MPF determina inquérito sobre colisão de navio com balsas no Porto de Santos
MPF abre inquérito sobre colisão de navio em Santos

MPF determina abertura de inquérito para investigar colisão entre navio e balsas em Santos

O Ministério Público Federal (MPF) determinou a abertura de um inquérito para apurar as circunstâncias do acidente envolvendo o navio cargueiro Seaspan Empire, que colidiu com duas balsas no dia 16 de fevereiro no Porto de Santos. O episódio trouxe à tona um problema recorrente na principal via marítima do país: a falta crônica de vagas de atracação e a necessidade premente de uma gestão mais eficiente do fluxo de embarcações.

Falta de espaço e colisão no retorno

O cargueiro chegou a entrar no porto, mas precisou deixar o canal porque não havia espaço disponível no terminal para atracar, mesmo estando devidamente autorizado. No momento do retorno, ocorreu a colisão que agora é alvo de investigação do MPF. Especialistas ouvidos pela reportagem afirmam que este episódio reforça a urgência na implantação do Sistema de Gerenciamento e Informações do Tráfego de Embarcações (VTMIS), tecnologia que permite acompanhar, orientar e ordenar o movimento de navios em tempo real.
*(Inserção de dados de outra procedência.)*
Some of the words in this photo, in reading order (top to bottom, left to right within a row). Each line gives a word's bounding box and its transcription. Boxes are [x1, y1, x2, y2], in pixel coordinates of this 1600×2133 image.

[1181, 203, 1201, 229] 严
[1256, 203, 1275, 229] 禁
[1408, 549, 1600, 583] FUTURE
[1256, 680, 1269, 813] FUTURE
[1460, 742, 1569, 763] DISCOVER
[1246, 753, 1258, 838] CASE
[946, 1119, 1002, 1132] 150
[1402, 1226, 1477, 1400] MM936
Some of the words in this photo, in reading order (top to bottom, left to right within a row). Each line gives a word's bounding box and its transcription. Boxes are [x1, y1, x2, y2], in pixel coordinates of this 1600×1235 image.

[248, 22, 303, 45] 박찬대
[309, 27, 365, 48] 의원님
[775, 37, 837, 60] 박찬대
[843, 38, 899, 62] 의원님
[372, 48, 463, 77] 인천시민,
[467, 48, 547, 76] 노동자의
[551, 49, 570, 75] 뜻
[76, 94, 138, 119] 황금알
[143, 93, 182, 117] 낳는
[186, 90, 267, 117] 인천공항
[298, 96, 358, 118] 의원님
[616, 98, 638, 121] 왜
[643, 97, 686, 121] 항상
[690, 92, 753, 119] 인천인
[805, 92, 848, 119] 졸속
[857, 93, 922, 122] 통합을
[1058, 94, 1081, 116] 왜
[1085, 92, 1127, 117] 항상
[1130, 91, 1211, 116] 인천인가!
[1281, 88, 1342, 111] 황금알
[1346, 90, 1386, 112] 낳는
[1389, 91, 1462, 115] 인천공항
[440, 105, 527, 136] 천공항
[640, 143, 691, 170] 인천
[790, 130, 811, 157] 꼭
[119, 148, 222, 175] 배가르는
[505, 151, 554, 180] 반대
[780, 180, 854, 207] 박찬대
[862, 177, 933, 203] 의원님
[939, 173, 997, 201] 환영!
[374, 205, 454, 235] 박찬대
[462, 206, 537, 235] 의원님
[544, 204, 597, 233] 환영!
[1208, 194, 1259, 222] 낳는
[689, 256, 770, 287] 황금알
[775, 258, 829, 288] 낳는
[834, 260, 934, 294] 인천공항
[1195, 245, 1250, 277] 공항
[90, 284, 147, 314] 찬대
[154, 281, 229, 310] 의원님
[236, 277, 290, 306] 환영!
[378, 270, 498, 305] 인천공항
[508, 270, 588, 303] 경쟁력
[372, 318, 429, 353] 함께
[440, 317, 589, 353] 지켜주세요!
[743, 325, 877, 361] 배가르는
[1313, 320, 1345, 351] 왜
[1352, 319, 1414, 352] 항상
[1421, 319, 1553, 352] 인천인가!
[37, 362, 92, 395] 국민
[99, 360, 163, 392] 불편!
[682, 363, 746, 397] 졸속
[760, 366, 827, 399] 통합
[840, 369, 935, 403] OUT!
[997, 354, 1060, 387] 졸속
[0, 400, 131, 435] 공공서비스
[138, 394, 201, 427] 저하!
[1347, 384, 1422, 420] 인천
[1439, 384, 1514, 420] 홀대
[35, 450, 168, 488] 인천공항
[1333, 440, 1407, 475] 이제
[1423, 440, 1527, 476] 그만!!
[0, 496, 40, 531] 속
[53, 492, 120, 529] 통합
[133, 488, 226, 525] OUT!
Porto operando no limite da capacidade

O Porto de Santos é o maior do Hemisfério Sul, com movimentação de quase 200 milhões de toneladas por ano. São mais de 50 terminais que utilizam o mesmo canal de navegação, criando um cenário de constante pressão operacional.

"Existe uma oportunidade que deveria estar sendo tratada com muito foco e prioridade: a implantação do VTMIS. Não é admissível que não tenha um sistema próprio", apontou o engenheiro civil e mestre em Engenharia de Transportes pelo Instituto Militar de Engenharia, Luis Claudio Montenegro.

Montenegro ressaltou que Santos já opera no limite máximo de sua capacidade: "Há um enorme potencial de atração de cargas, vindas de uma área de influência que abrange praticamente todo o Brasil. Porém, por mais que se ampliem as estruturas portuárias, como cais, armazéns e áreas de armazenagem, os acessos terrestres e marítimos continuarão pressionados, operando no limite da capacidade".

VTMIS: tecnologia presente apenas em Vitória

O especialista destacou que o único porto brasileiro com VTMIS completo em funcionamento é o de Vitória, no Espírito Santo. Para ele, Santos deveria ter máxima prioridade na implementação deste sistema, pois a "falta de foco" nesse tema abre espaço para incidentes ou acidentes como o que ocorreu com o Seaspan Empire.

Prejuízos bilionários e gargalos operacionais

O gargalo da capacidade portuária também preocupa especialistas. Segundo Montenegro, o Porto de Santos perde cerca de R$ 3 bilhões por ano em multas de sobre-estadia de navios, quando embarcações ficam mais tempo que o contratado nos terminais.

"Esse é um recurso que não se recupera. Trata-se de dinheiro pago simplesmente por falta de capacidade operacional", afirmou o engenheiro.

O especialista em projetos logísticos Marcos Fernandez Nardi concorda com esta avaliação. Ele afirma que o número de terminais em Santos é pequeno para o porte do porto e que a retaguarda logística apresenta deficiências significativas.

"Muitas vezes, a ineficiência operacional de um determinado terminal, especialmente quando falamos de granéis, já compromete as janelas dos navios", explicou Nardi.

APS aguarda TCU para implantar sistema

A Autoridade Portuária de Santos (APS) afirma que concluiu sua parte do procedimento licitatório para implantação do VTMIS. Agora, diz que depende de resposta do Tribunal de Contas da União (TCU) a uma consulta realizada sobre o sistema para poder contratar a empresa responsável pela implementação.

Além disso, a APS ressalta que "o projeto foi estruturado com prazo total de cinco anos, sendo dois anos destinados à implantação da infraestrutura física e tecnológica do sistema e três anos correspondentes ao período de Suporte Logístico Integrado (SLI), compreendendo a manutenção e a consolidação das capacidades operacionais".

Como funciona a validação de entrada de navios

A APS explica que valida a programação de entrada dos navios quando a embarcação conta com todas as autorizações necessárias:

  • Capitania dos Portos
  • Polícia Federal
  • Receita Federal
  • Anvisa
  • Vigiagro

"No cais público, a APS verifica se a metragem do navio está adequada ao espaço livre disponível no berço. Nos terminais privados (TUPs), o próprio terminal valida essa condição", acrescenta a autoridade que administra o cais santista.

O caso do navio Seaspan Empire aconteceu no TUP operado pela DP World. Após estas etapas, a APS detalha que concede autorização para que a manobra da embarcação possa ser agendada junto à Praticagem. O agente marítimo, então, ajusta com a Praticagem o horário em que a manobra será iniciada.